Long time no see. :D

I'm joining the discussion from another black-and-white perspective (as someone mentioned earlier), I guess.

 

I was that girl once. I lived with my ex for another 1.5-2 months after we broke up (had been together for more than 4 years, lived together for more than 2).

I can assure you that it's not a break-up before the actual moving out. Even if you believe you're over it emotionally, you can't feel the real blow of not having this person in your life anymore.

So, back then someone else suddenly confessed feelings for me, I got interested, explained my situation, told him I didn't want a relationship but wanted to 'get to know him'.

And I really believed so at the moment. He agreed on my terms. And he really believed he was okay with them at the moment. We were both lying to ourselves...

With him falling harder and harder 'too soon' I started feeling more and more turned off. As a coincidence (or not :D) I had just moved out from my ex's.

Long story short - broke up with the guy, broke his heart, went through a lot of drama on his part (paid my price for creating such a horrible mess), then finally went on properly grieving the end of my LTR. Learnt my lesson. Never again on either side of such dynamics.
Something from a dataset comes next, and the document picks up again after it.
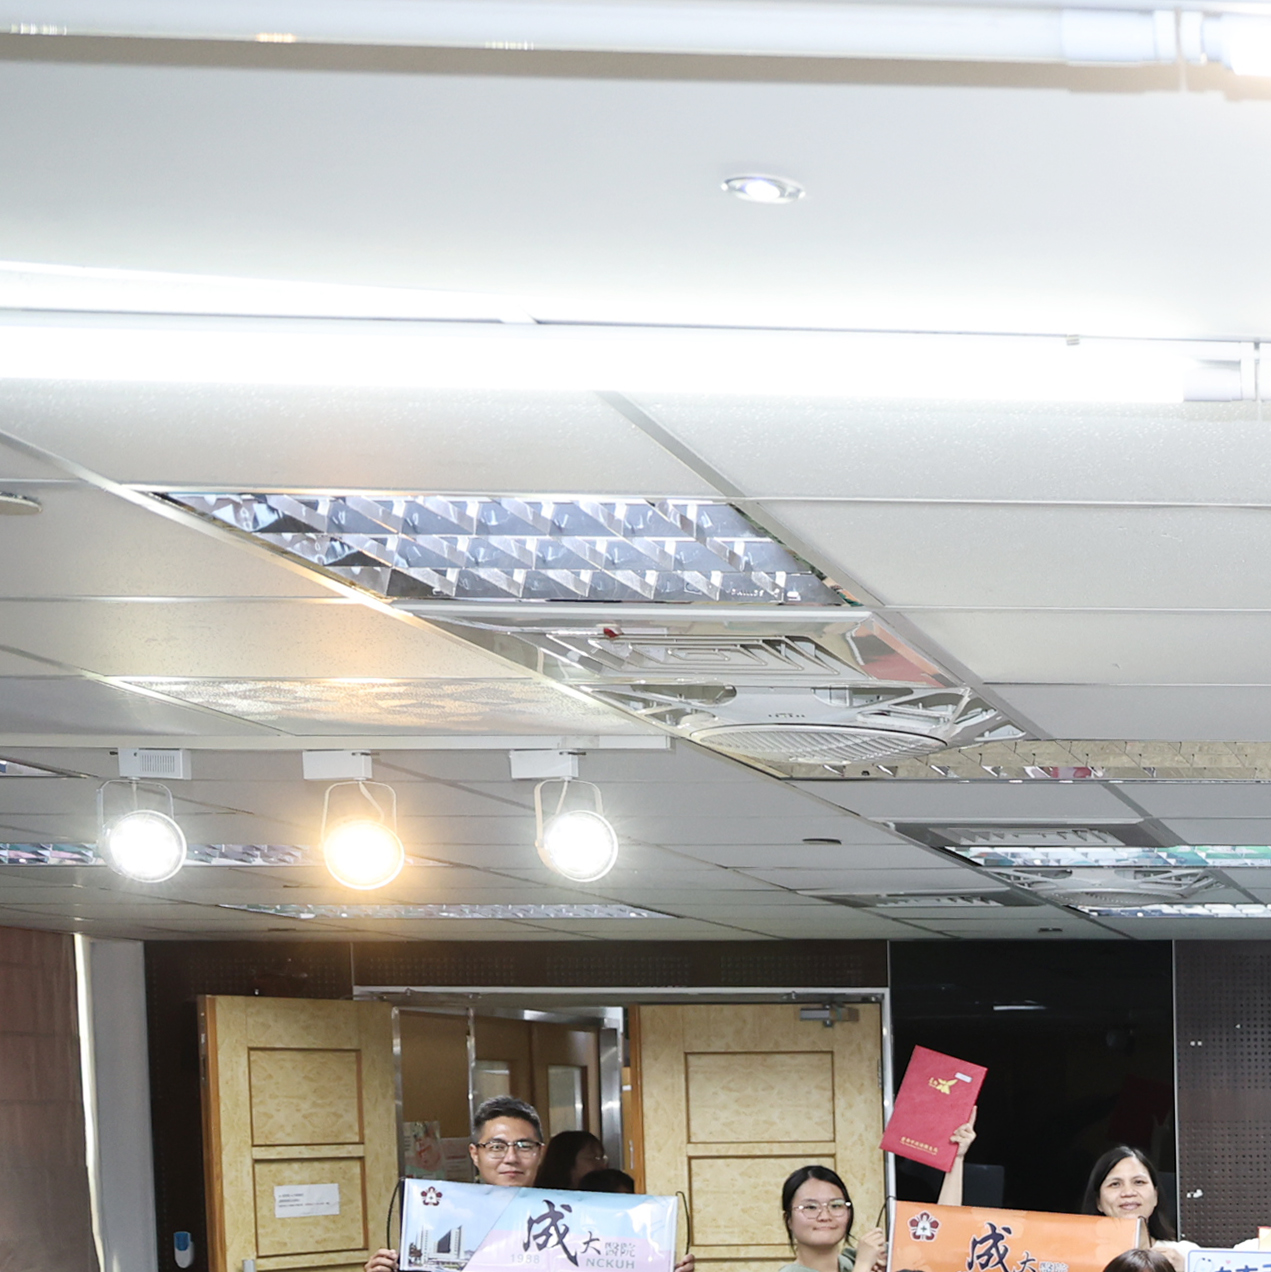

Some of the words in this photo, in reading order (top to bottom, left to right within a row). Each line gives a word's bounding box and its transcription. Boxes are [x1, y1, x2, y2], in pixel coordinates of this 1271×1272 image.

Yes, I know, this is my experience and not necessarily your case. But there is a high chance of it being similar, sorry, I really think so. And the earlier you cut it, the easier.

 

You must take care of yourself and not just hope that things will magically unfold in the least likely direction by themselves.

 

In my opinion you should absolutely not:

1. Continue dating her, I explained why;

2. Confront her - that's a complete nonsense. Someone you had two dates with owes you nothing. Not even explanation, let alone any kind of promise for a potential/future.

 

I too think that you have better chances of explaining why you consider now is not the time to date her and leave the door opened for the future.

Meanwhile keep dating. You'll meet plenty of other wonderful women.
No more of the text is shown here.